使用GraphPad Prism 8.0 软件对数据进行统计分析和绘图。对于符合正态分布的计量资料,数据采用均值±标准误()表示,两组之间采用t检验进行比较,3组之间采用Tukey事后检验的单因素方差分析进行比较;对于不符合正态分布的数据,两组之间采用Mann-Whitney 非参数检验,3 组之间采用Kruskal-Wallis 非参数检验。P<0.05 为差异有统计学意义。

2 结果

2.1 耳电针对糖尿病胃轻瘫大鼠行为学的影响

在旷场实验中(图1),与空白对照组比较,模型组大鼠CE、CD%和CT%均明显降低(均P<0.05);与模型组比较,耳电针组CE、CD%和CT%值明显升高(均P<0.05);模型组与假耳针组CE、CD%和CT%值差异均无统计学意义(均P>0.05);与耳电针组比较,假耳针组CE值差异无统计学意义,CD%和CT%值明显降低(均P<0.05)。

图1 干预后各组大鼠在旷场实验中的表现Figure 1 Performance of rats in each group in open field test after intervention

在强迫游泳实验中(图2),与空白对照组比较,模型组大鼠FT%明显升高(P<0.05);与模型组比较,耳电针组FT%值明显降低(P<0.05);模型组与假耳针组FT%值差异无统计学意义(均P>0.05);与耳电针组比较,假耳针组FT%值明显升高(均P<0.05)。

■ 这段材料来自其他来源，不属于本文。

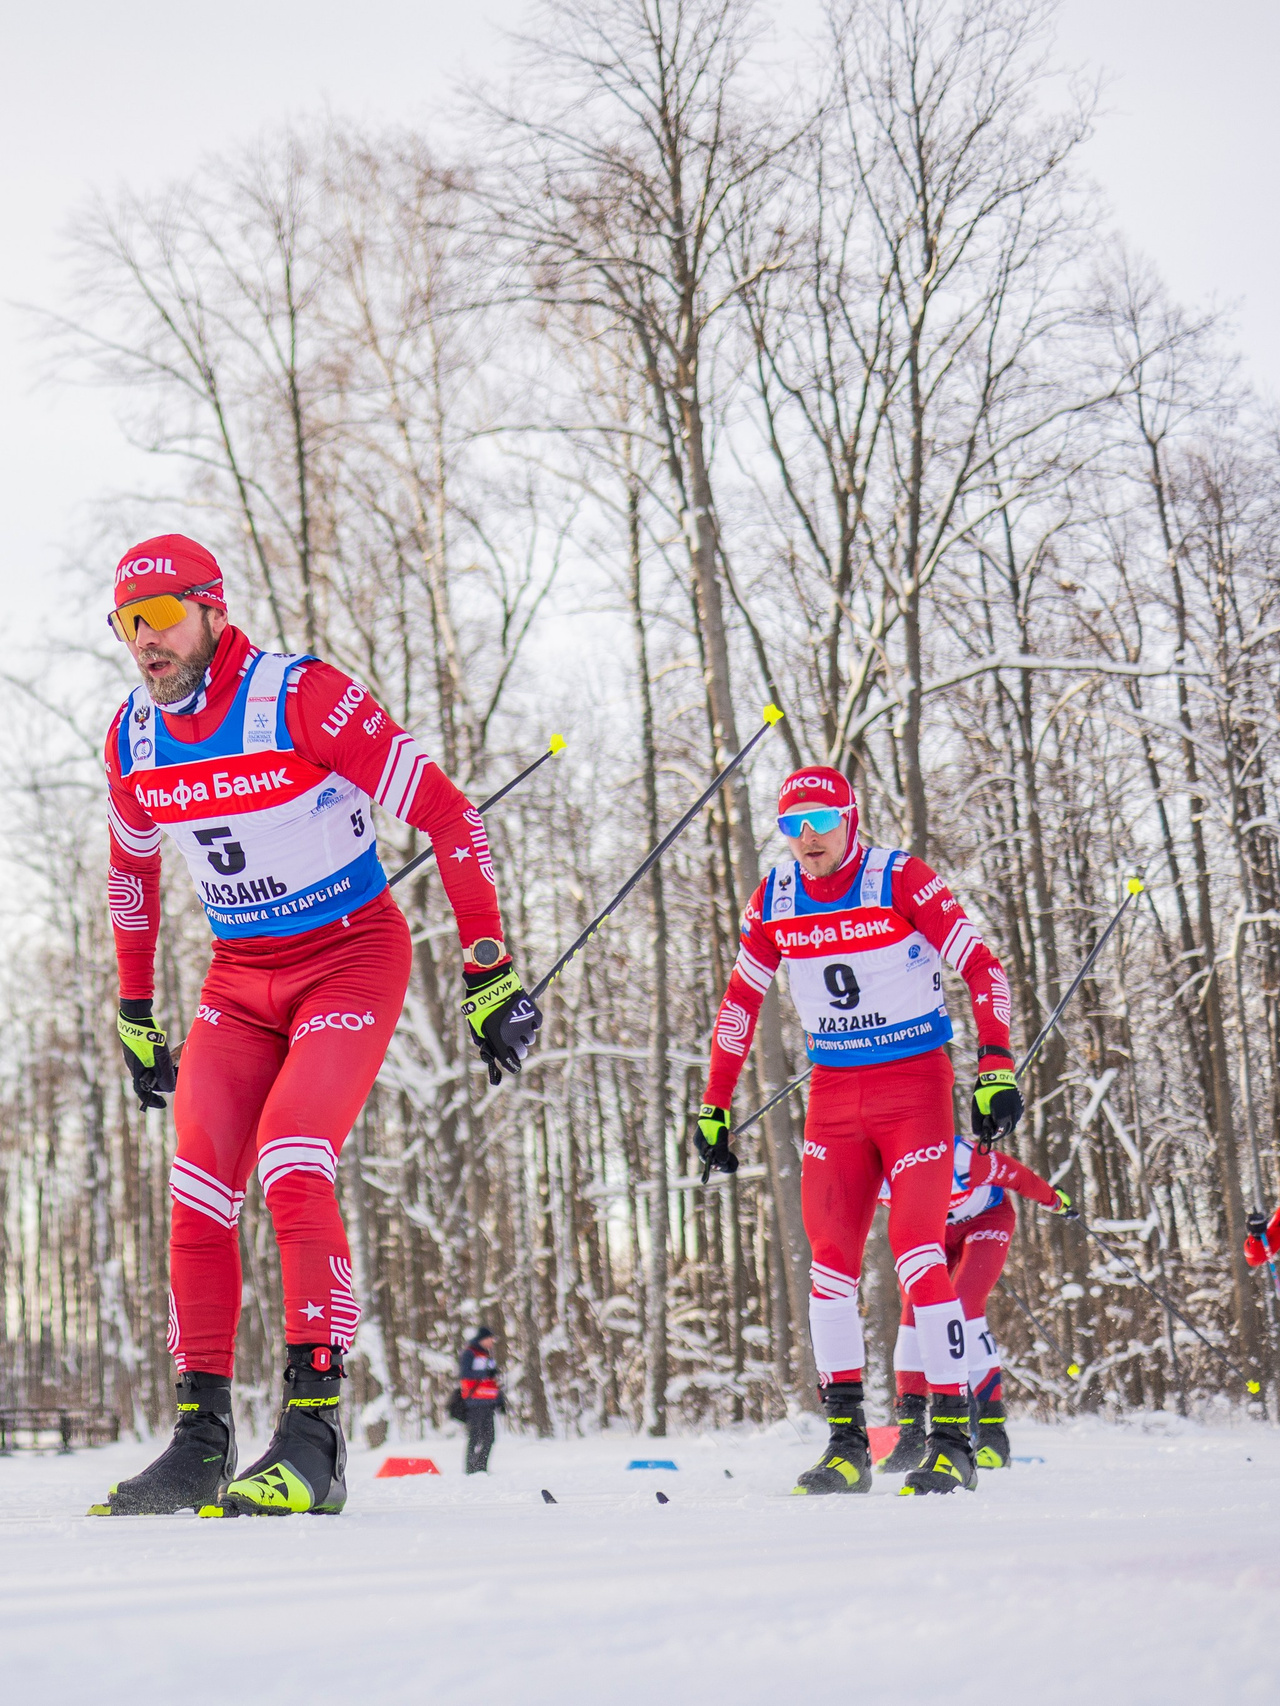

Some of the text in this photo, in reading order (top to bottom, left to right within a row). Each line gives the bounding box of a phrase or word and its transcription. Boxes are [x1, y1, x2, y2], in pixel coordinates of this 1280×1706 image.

[135, 767, 295, 811] Альфа Банк
[350, 808, 365, 838] 5
[192, 826, 247, 876] 5
[271, 876, 352, 917] ТАТАРСТАН
[775, 918, 895, 949] Альфа Банк
[823, 963, 860, 1010] 9
[932, 971, 941, 992] 9
[815, 1022, 933, 1051] РЕСПУБЛИКА ТАТАРСТАН
[947, 1319, 965, 1359] 9

图2 干预后各组大鼠在强迫游泳实验中的表现Figure 2 Performance of rats in each group in the forced swimming test after intervention

2.2 耳电针对糖尿病胃轻瘫大鼠固体胃排空率的影响

与空白对照组比较,模型组大鼠胃排空率显著降低(P<0.01);与模型组比较,耳电针组大鼠胃排空率显著升高(P<0.01),假耳针组大鼠胃排空率也有明显升高(P<0.01);与耳电针组比较,假耳针组大鼠胃排空率显著降低(P<0.01,图3)。

图3 干预后各组大鼠的胃排空效率Figure 3 Gastric emptying efficiency of rats in each group after intervention

2.3 耳电针对糖尿病胃轻瘫大鼠胃窦c-Kit、CRF mRNA表达的影响

与空白对照组比较,模型组大鼠胃窦c-Kit mRNA 表达显著降低(P<0.01),CRF mRNA 表达显著升高(P<0.01);与模型组比较,耳电针组大鼠c-Kit mRNA表达显著升高(P<0.01),CRF mRNA表达显著降低(P<0.01);与模型组比较,假耳针组大鼠c-Kit mRNA 表达差异无统计学意义(P>0.05),CRF mRNA表达明显降低(P<0.05,图4)。

图4 各组大鼠胃窦中c-Kit(A)和CRF(B)的mRNA相对表达量Figure 4 The relative expression of c-Kit(A)and CRF(B)mRNA in gastric antrum of rats in each group

2.4 耳电针对糖尿病胃轻瘫大鼠胃窦c-Kit、CRF蛋白表达的影响

与空白对照组比较,模型组大鼠胃窦c-Kit蛋白表达显著降低(P<0.01),CRF 蛋白表达显著升高(P<0.01);与模型组比较,耳电针组大鼠c-Kit蛋白表达显著升高(P<0.01),CRF 蛋白表达显著降低(P<0.01);与模型组比较,假耳针组大鼠c-Kit蛋白表达也有显著升高(P<0.01),CRF蛋白表达差异无统计学意义(P>0.05);与耳电针组比较,假耳针组大鼠c-Kit 蛋白表达显著降低(P<0.01),CRF 蛋白表达显著升高(P<0.01,图5)。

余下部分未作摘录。